Within the span of 24 hours, the Red Sox banished both prospects that they acquired in the Moreland trade.

Rosario spent last season with Double-A Portland, where he posted a .232/.335/.307 batting line with three home runs. His strong 12.3% walk rate was offset by a concerning 27.9% strikeout rate. He has speed and the tools to develop into a solid center fielder but his knack for drawing walks isn’t enough to ignore his lack of power or ability to make contact.

Potts was a first-round pick of the Padres in 2016 but he’s never lived up to his draft pedigree. He spent last season in Double-A, hitting a meager .217/.264/.399 with an alarming 32.8% strikeout rate.

Both players had been added to the 40-man roster in order to protect them from the Rule 5 draft but neither had a realistic chance to make their major league debut in Boston anytime soon.

The Red Sox have about a week to trade these players or place them on outright waivers, at which point any of the other 29 clubs could place a claim. It’s possible that they could slip through waivers unclaimed, allowing the Red Sox to bring them back without taking up a spot on their 40-man roster. However, that Boston was even willing to risk losing them for nothing shows how far their stock has fallen.

Giving up on these prospects long before they approached the big leagues would lead you to believe that Chaim Bloom came out on the losing end of this trade but the Padres weren’t exactly celebrating either.

Moreland hit .203/.247/.362 with two home runs in 20 games down the stretch in San Diego. He performed better in the postseason, going 4-for-8 with a double and an RBI, but his presence didn’t move the needle much as the Padres were swept by the Dodgers in the NLDS.

Following his brief stint in San Diego, Moreland quickly moved on to a one-year deal with the Oakland A’s.

Moreland started the 2020 season hot for the Red Sox, hitting .328/.430/.746 with eight home runs in 22 games. That boosted his trade value enough to bring back a decent return for his expiring contact. Buyer’s remorse quickly sank in for the Padres when Moreland’s production fell off a cliff as soon as they acquired him.

It didn’t work out for Moreland in San Diego but the Red Sox didn’t end up getting much on their side of the deal either.
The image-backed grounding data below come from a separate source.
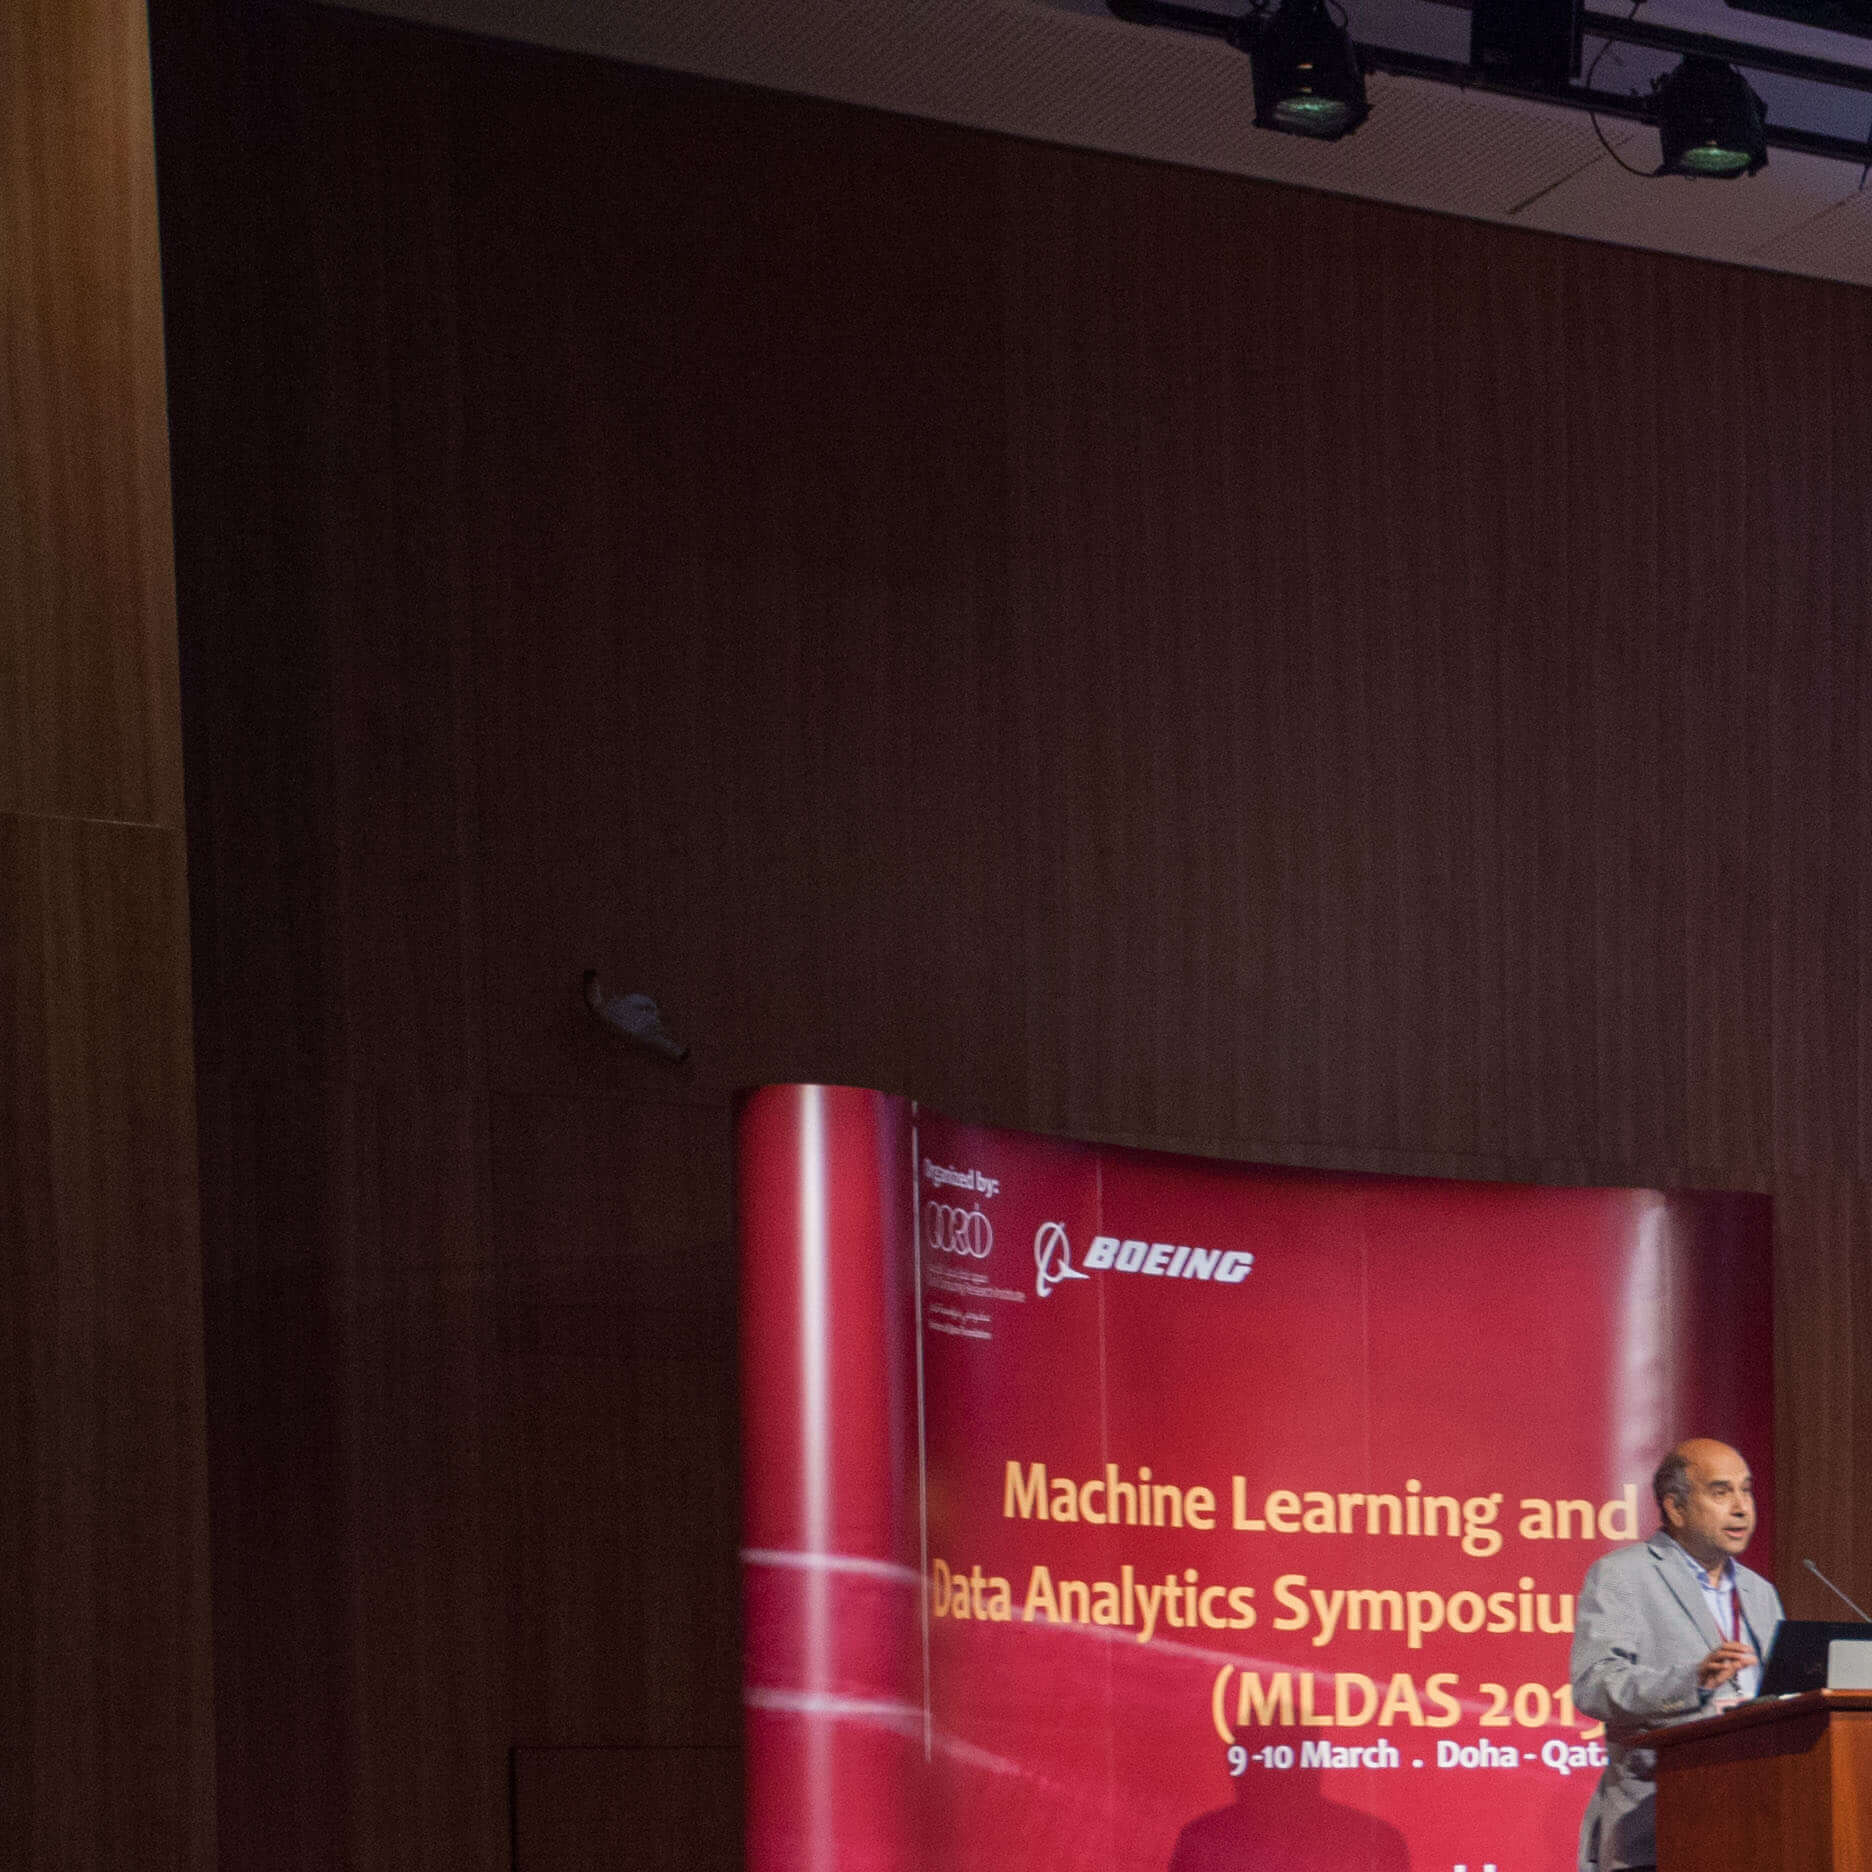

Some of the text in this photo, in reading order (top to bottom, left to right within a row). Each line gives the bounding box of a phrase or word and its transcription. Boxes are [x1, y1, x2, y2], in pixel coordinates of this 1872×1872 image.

[1083, 1236, 1255, 1284] BOEING
[1003, 1460, 1640, 1558] Machine Learning and
[931, 1558, 1575, 1649] Data Analytics Symposiu
[1212, 1664, 1606, 1745] (MLDAS 201
[1301, 1739, 1399, 1769] March
[1437, 1739, 1519, 1769] Doha
[1541, 1739, 1609, 1776] Qat
The best they can say is that they shed the remainder of Moreland’s contract, which didn’t amount to much at that point of the shortened season. While “financial flexibility” was the key phrase on the minds of Red Sox owners that year, the minimal savings were overshadowed by backlash from a frustrated fan base. Moreland was one of the few silver linings of a dismal season. It’s clear why the Red Sox had to trade him but it was still a tough pill to swallow.

The Red Sox were going nowhere fast that season and hanging on to Moreland wasn’t going to change that. The Padres expected Moreland’s hot bat and postseason experience to help push them into contention but that plan clearly backfired. There wasn’t another comparable option on the market that the Padres could have acquired at the same price who would have led them to victory over the juggernaut Dodgers though.
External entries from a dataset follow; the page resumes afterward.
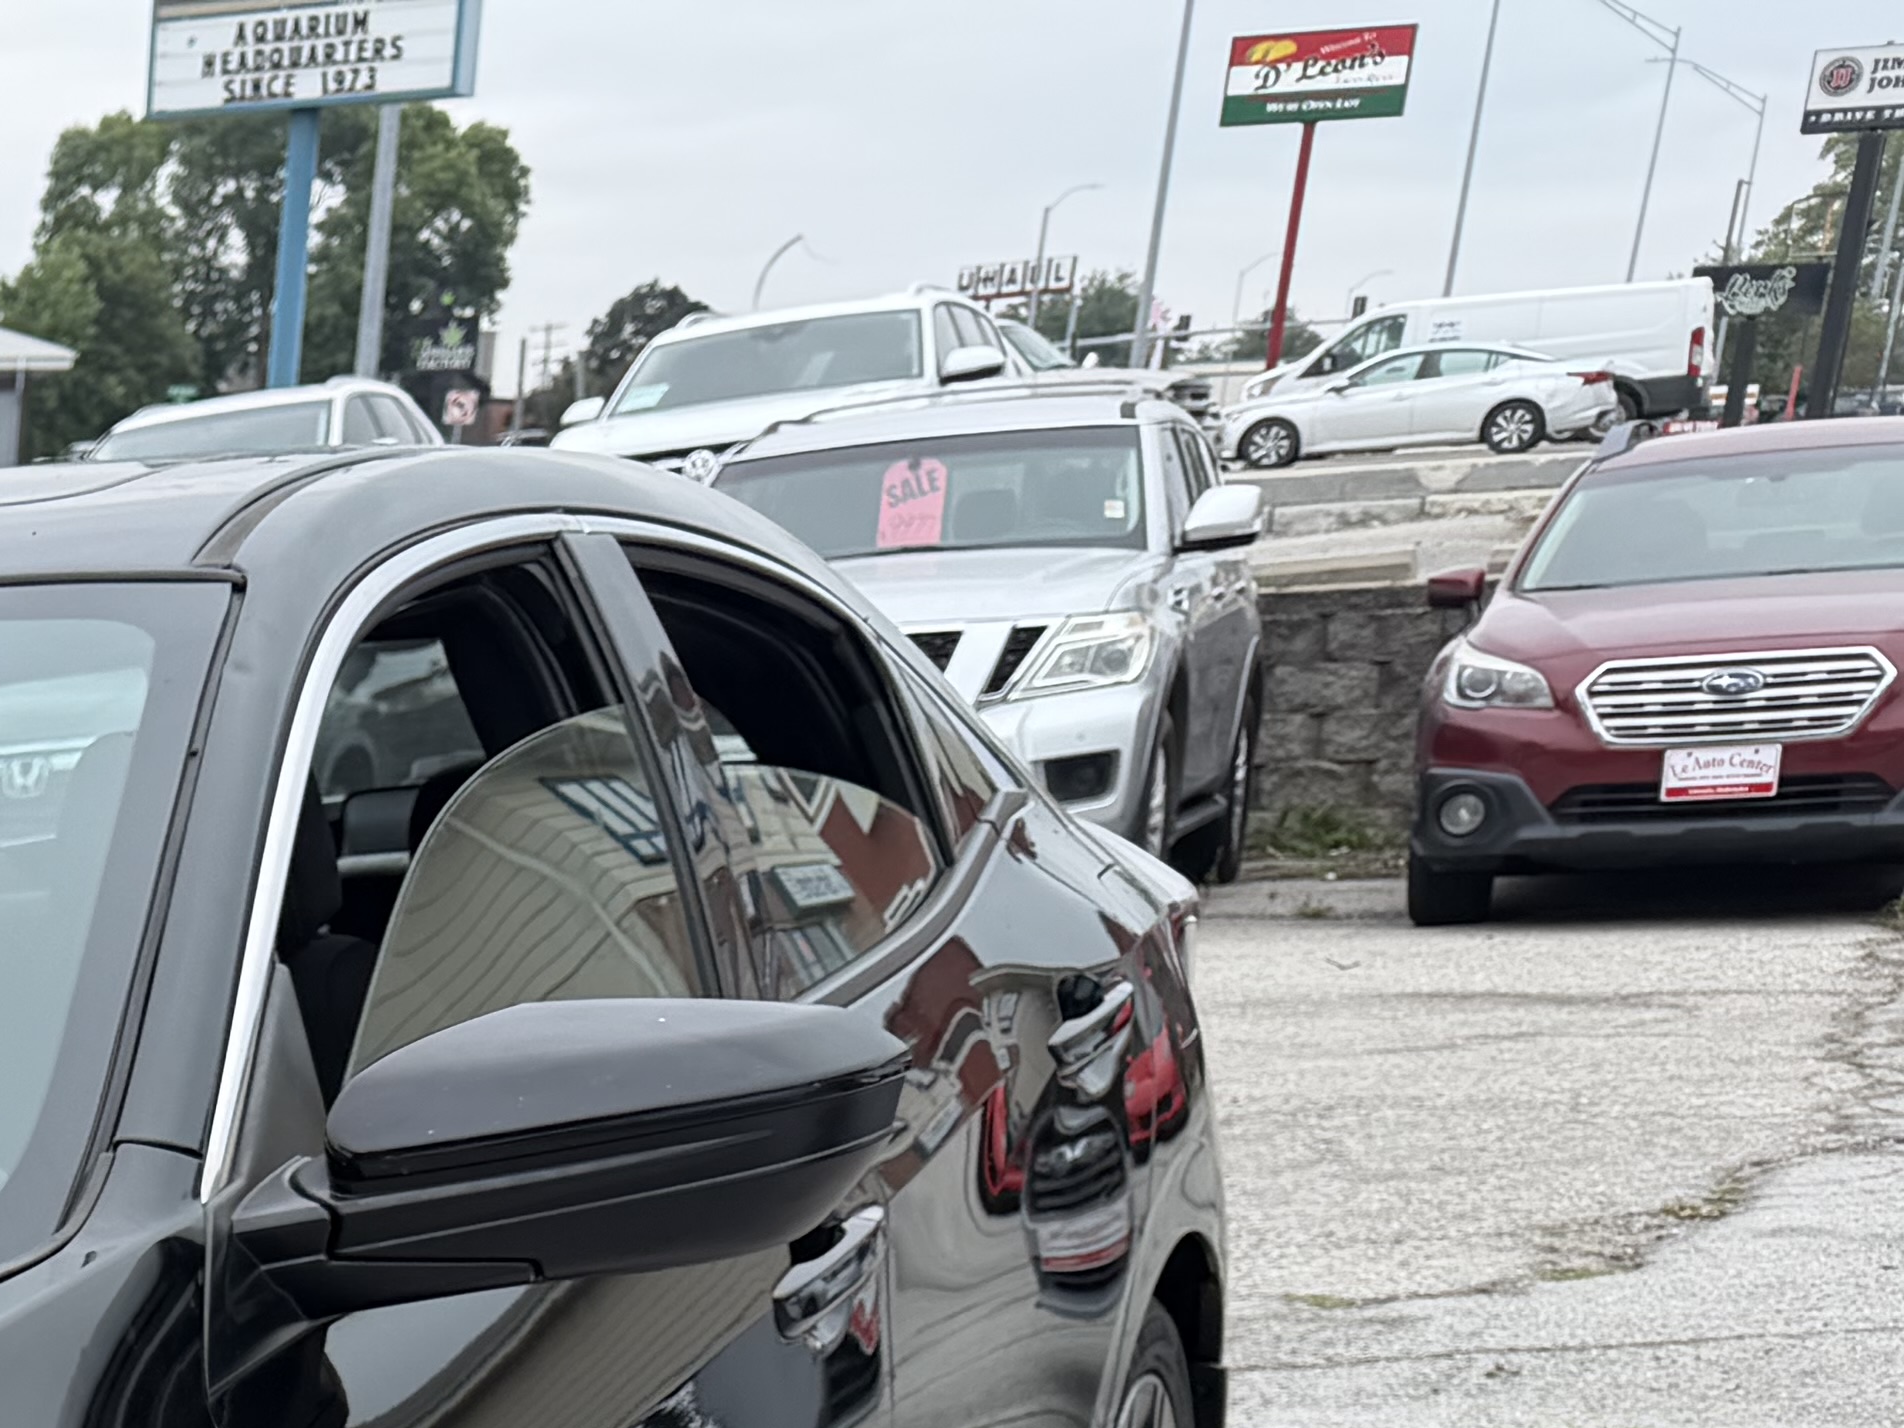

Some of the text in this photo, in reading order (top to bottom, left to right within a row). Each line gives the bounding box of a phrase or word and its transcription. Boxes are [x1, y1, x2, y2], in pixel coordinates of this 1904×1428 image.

[233, 10, 370, 47] AQUARIUM
[201, 35, 404, 78] HEADQUARTERS
[222, 66, 378, 101] SINCE 1973
[1819, 111, 1876, 123] DRIVE
[887, 468, 941, 508] SALE
[1692, 757, 1725, 772] Auto
[1729, 752, 1774, 774] Center
All players involved in the trade have moved on without making any notable impact on the organization. Neither side can claim to have won the trade but it’s hard to blame either team for losing the trade when they didn’t give up anything that wasn’t expendable. The Padres took a shot in a year they were contenting and they have no reason to regret giving up the package that it cost. Moreland wasn’t going to be re-signed by the Red Sox so dealing him for a pair of prospects who added depth to their minor league system was better than letting him walk for nothing after the season.

The best trades are the ones where both sides win. Nobody won this deal. If anything, it feels neutral for both teams.